Les routes d’Afrique de l’Ouest sont peu sûres. Mal entretenues, elles sont sillonnées par des véhicules, autocars, camions, taxis collectifs qui le sont encore plus. Elles sont aussi coupées de barrages, officiels ou illégaux. Qu’on ait affaire à des douaniers, des policiers ou des coupeurs de route, il faudra payer, en espèces ou de sa personne. Ce réseau routier plein de périls peut aussi bien être le décor d’un mélodrame que le prétexte d’un film d’éducation civique. Jeune réalisatrice burkinabée, Apolline Traoré a choisi de ne pas choisir. Son premier long-métrage tient du communiqué didactique et du feuilleton à rebondissements, un cocktail qui pourrait s’avérer toxique sans l’énergie que mettent réalisatrice et actrices à mener les trois héroïnes à destination.
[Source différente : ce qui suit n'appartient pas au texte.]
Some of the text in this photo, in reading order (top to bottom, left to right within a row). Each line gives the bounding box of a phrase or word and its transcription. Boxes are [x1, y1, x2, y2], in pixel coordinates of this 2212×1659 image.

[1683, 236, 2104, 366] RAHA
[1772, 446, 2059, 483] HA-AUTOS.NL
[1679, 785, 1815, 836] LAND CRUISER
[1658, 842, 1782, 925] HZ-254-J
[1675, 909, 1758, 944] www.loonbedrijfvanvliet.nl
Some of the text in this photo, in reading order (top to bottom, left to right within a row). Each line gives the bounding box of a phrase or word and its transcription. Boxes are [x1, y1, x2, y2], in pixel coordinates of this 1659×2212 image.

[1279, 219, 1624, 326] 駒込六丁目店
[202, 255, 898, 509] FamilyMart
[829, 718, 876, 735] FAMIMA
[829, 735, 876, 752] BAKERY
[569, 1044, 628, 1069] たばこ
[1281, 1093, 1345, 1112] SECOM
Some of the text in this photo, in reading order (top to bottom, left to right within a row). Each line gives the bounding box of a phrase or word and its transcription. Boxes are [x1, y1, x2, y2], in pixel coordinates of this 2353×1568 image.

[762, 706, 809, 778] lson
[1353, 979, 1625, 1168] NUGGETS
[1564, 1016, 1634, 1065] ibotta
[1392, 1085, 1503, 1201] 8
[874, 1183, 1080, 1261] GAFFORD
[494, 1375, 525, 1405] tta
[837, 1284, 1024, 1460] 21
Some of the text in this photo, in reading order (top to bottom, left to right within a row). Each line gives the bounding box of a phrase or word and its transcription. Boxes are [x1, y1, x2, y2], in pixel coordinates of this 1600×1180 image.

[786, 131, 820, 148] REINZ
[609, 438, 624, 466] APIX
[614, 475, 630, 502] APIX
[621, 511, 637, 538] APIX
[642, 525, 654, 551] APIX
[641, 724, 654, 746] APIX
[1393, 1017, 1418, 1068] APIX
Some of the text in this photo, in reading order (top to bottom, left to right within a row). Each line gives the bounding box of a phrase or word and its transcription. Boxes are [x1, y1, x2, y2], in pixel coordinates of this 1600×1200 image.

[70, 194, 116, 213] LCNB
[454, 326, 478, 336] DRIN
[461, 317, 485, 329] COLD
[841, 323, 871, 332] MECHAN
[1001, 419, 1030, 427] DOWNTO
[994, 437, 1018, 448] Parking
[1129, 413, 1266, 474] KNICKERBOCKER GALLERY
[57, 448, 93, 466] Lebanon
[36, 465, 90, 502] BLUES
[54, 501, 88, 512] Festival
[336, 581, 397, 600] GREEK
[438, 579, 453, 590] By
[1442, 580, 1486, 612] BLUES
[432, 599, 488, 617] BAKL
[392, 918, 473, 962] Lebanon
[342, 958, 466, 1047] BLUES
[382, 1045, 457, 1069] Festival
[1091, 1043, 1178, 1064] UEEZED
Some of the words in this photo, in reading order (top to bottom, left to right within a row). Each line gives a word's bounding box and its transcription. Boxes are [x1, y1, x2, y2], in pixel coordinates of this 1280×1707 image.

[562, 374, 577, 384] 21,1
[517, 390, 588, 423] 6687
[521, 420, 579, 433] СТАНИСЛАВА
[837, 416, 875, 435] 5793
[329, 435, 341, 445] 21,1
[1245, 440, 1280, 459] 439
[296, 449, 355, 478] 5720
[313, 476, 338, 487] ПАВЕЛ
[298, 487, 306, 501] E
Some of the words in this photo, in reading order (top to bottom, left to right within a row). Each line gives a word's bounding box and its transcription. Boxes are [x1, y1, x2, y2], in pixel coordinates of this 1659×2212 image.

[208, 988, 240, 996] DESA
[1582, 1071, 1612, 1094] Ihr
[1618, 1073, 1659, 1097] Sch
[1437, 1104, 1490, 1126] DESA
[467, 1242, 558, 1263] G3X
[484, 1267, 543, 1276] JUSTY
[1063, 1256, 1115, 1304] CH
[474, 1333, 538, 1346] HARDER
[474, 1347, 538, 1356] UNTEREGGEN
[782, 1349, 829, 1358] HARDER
La Sénégalaise Adjara (Amélie Mbaye) et l’Ivoirienne Emma (Naky Sy Savané) embarquent à Dakar. La première est une néophyte qui se lance dans le commerce transnational sur le mandat d’une tontine formée par ses amies. La deuxième est une vieille routière, méfiante et acariâtre, qui passe de beaux basins sous son boubou, en se faisant passer, elle qui est sèche comme un coup de trique, pour une femme d’un certain poids. En passant par le sud du Burkina Faso, elles sont rejointes par Sali (Adizétou Sidi), une jeune femme à qui son amant a confié des médicaments, dont elle ignore qu’ils sont contrefaits.
Une Afrique en mouvement
Quelques milliers de kilomètres plus tard, elles auront été agressées, rançonnées, harcelées et auront dévoilé chacune leur histoire propre à tirer des larmes. Et si l’on n’a pas compris que l’application des lois et règlements de la Communauté économique des Etats d’Afrique de l’Ouest (qui a cofinancé le film) est une mesure d’urgence, c’est qu’on a dormi pendant la projection. On peut s’agacer de ce didactisme comme des procédés dramatiques éculés, de l’accumulation des situations les plus extrêmes.
Reste que Frontières est aussi l’occasion d’entrevoir une Afrique en mouvement, dont les citoyennes entreprenantes, transportées par des autocars à air conditionné (tous ne sont pas des épaves), armées de smartphones, se heurtent de plus en plus violemment aux archaïsmes, corruption et patriarcat en premier lieu.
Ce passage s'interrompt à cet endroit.